24/04/2024 | Tempo de leitura: 3 min
Foto: reprodução
A Rua do Porto e o Engenho Central – joias de um complexo histórico, sentimental, paisagístico de nossa terra – continuam um desafio à ação governamental. E é lamentável. Pois há toda uma história de atenções e cuidados que passaram a esbarrar em descuidos. A Rua do Porto é nossa “rua-mãe”. E tão significativa para nossa gente que seus moradores, ainda no Século 19, eram chamados de “portuenses”. Pessoas e lugar verdadeiramente míticos: pescadores, mulheres sábias, benzedeiras, velhos contadores de histórias. E atletas que frequentavam o Clube de Regatas, nadando, remando, construindo histórias épicas como a do memorável “raid” Piracicaba-Tietê.
O rio é a alma de nossa cidade. E de nossa gente. Somos herdeiros até mesmo de seu nome indígena, Piracicaba. Por ele e através dele, tornamo-nos piracicabanos, batismo indelével. Portanto, no rio, na Rua do Porto está a nossa pia batismal. E isso nos traz – percebemo-lo ou não – o sentimento palpitante de ancestralidade. O rio é o nosso mistério. Pensamos seja nosso, vemo-lo como único. E, no entanto, o rio é mutante, passante. Ele não fica. Vai. Por isso, vale a advertência milenar do filósofo: “Ninguém entra no mesmo rio duas vezes”.
Não nasci “portuense”. Mas fui feito ribeirinho desde a primeira infância e ribeirinho ainda sou. O mundo, nos 1940, estava em guerra. Mas meu pai me levava, quase todas as tardes, à Rua do Porto, ao Clube de Regatas. Sob seus cuidados e atenção, aprendi a nadar nas águas tonificadoras do rio. Havia o icônico trampolim. E meu adorável e saudoso pai estimulava-me a saltar, garantindo-me estar – com seus fortes abraços – a me segurar. E eu saltava. E na certeza plena de nada de ruim me acontecesse. E, então, saltando e sendo abraçado por aquele homem encantador, nadávamos juntos.
E eu acreditava que Nhô Lica realmente encontrasse diamantes junto às pedras da beira rio. Eu amava Nhô Lica. Sentia um fascínio palpitante ao tê-lo verdadeiramente como um mágico. E que alegria quando eu lhe levava uma que outra pedrinha e ele a aceitava como diamante precioso! E essas coisas, relembrando-as, eu as conto para protestar e reafirmar: “A Rua do Porto também é minha! A Rua do Porto é de cada criatura piracicabana que tem alma de sentir e coração de palpitar”. É nosso lugar de paz, nosso refúgio, nosso encantamento. E, até hoje, procuro o meu umbigo que meu pai me disse ter enterrado na beira do rio.

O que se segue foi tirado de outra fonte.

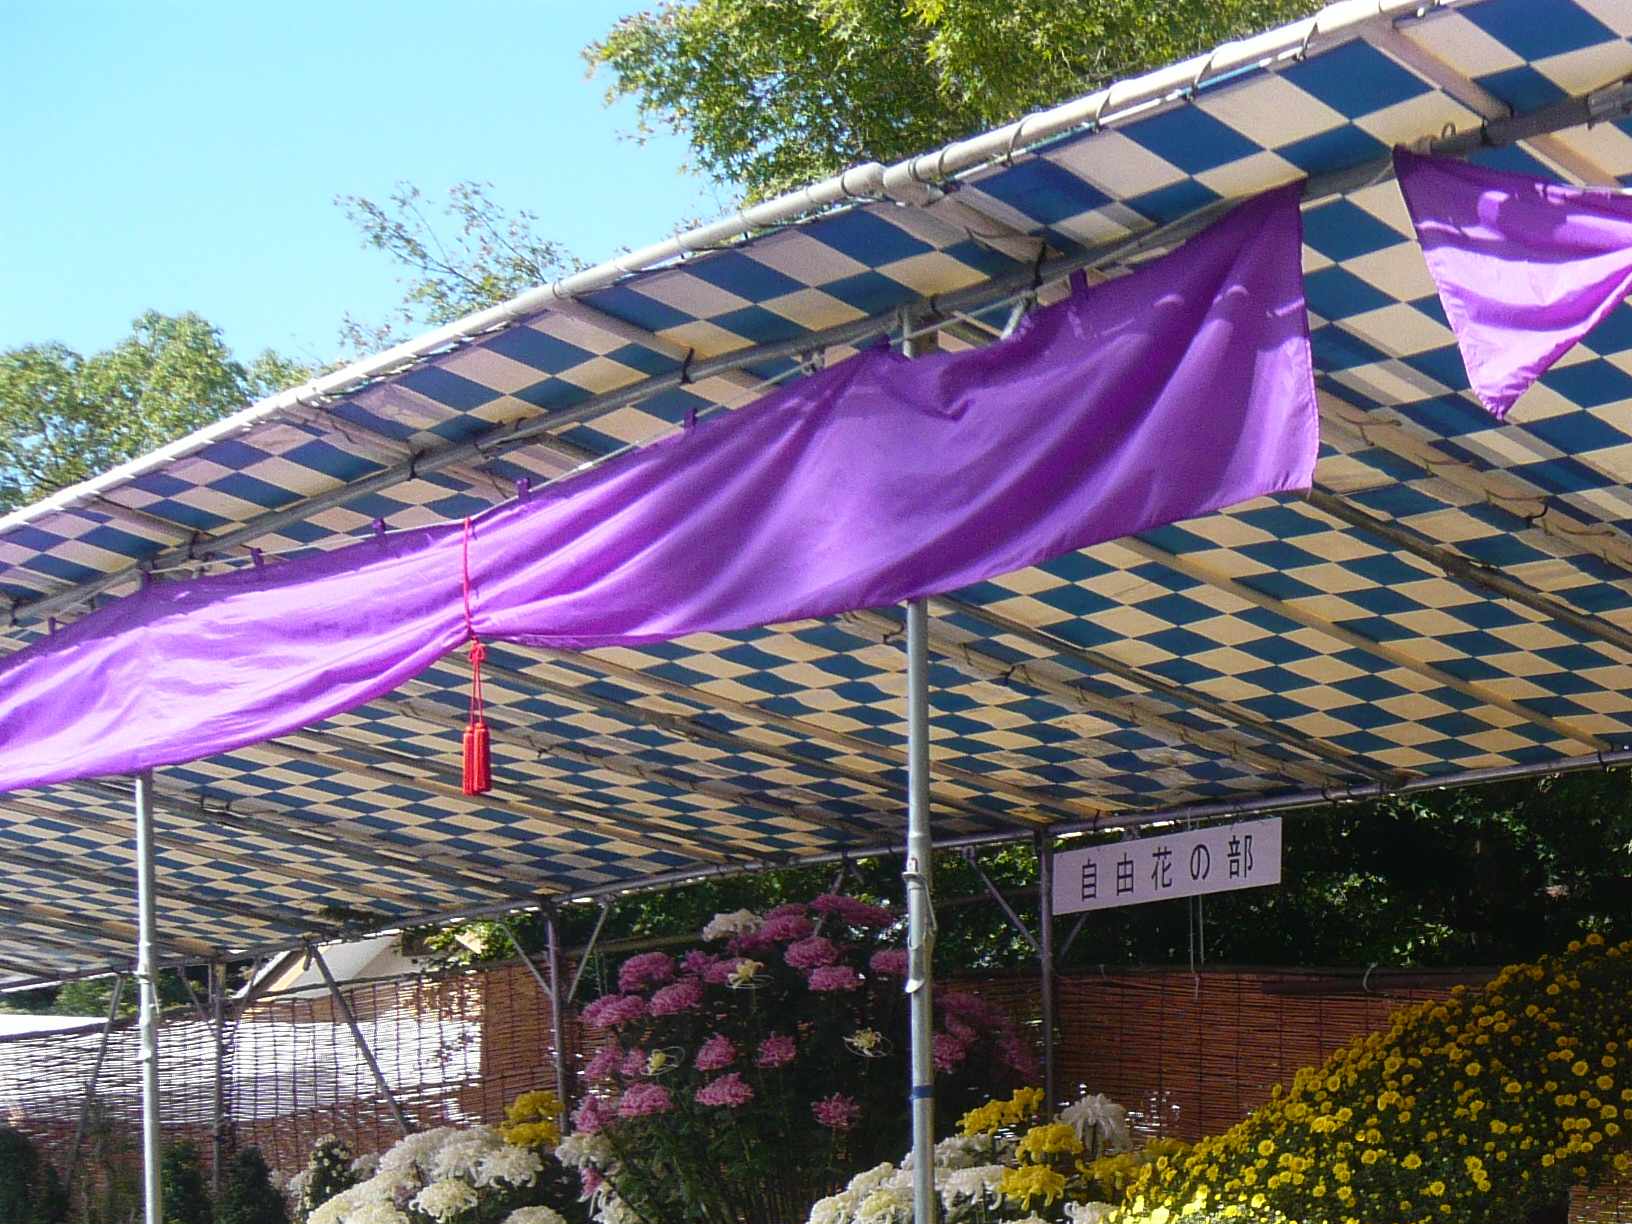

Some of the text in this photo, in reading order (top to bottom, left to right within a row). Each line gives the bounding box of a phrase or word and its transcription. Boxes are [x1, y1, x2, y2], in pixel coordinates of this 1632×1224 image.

[1081, 834, 1254, 902] 自由花の部

Ora, que não banalizem, que não vulgarizem, que não apequenem aquele templo de nossa caipiracicabanidade – querendo mantê-lo apenas como um “centro gastronômico”. Já aconteceu a vergonha e o insulto de, naquele lugar, um comerciante anunciar a sua especialidade: “Fish”! Deveria ter sido processado, no mínimo, por heresia. E nada aconteceu.
Agora, querem facilitar o acesso de mais automóveis, abrindo uma outra rua e violentando o parque. O mundo, o planeta reage à ação deletéria dos motores em relação ao ambiente e, aqui, há quem queira estimulá-los? Onde estamos? O que há na cabeça, no conhecimento, no espírito dessa gente? Por que pisoteiam nossa cultura caipiracicabana? Ou não a conhecem? Que noção têm, eles, de herança cultural, de tradição, da alma de um povo?
Alguém minimamente inteligente haveria de enriquecer a Rua do Porto com estímulo aos jovens para apresentações musicais, teatrais, danças. É o espaço gracioso para o cururu, para a dança do lenço, para o cateretê. E por que não recuperar charretes para passeios na rua de nossos sonhos?
Ano de eleições. Que saibamos eleger dirigentes dignos de nossa história.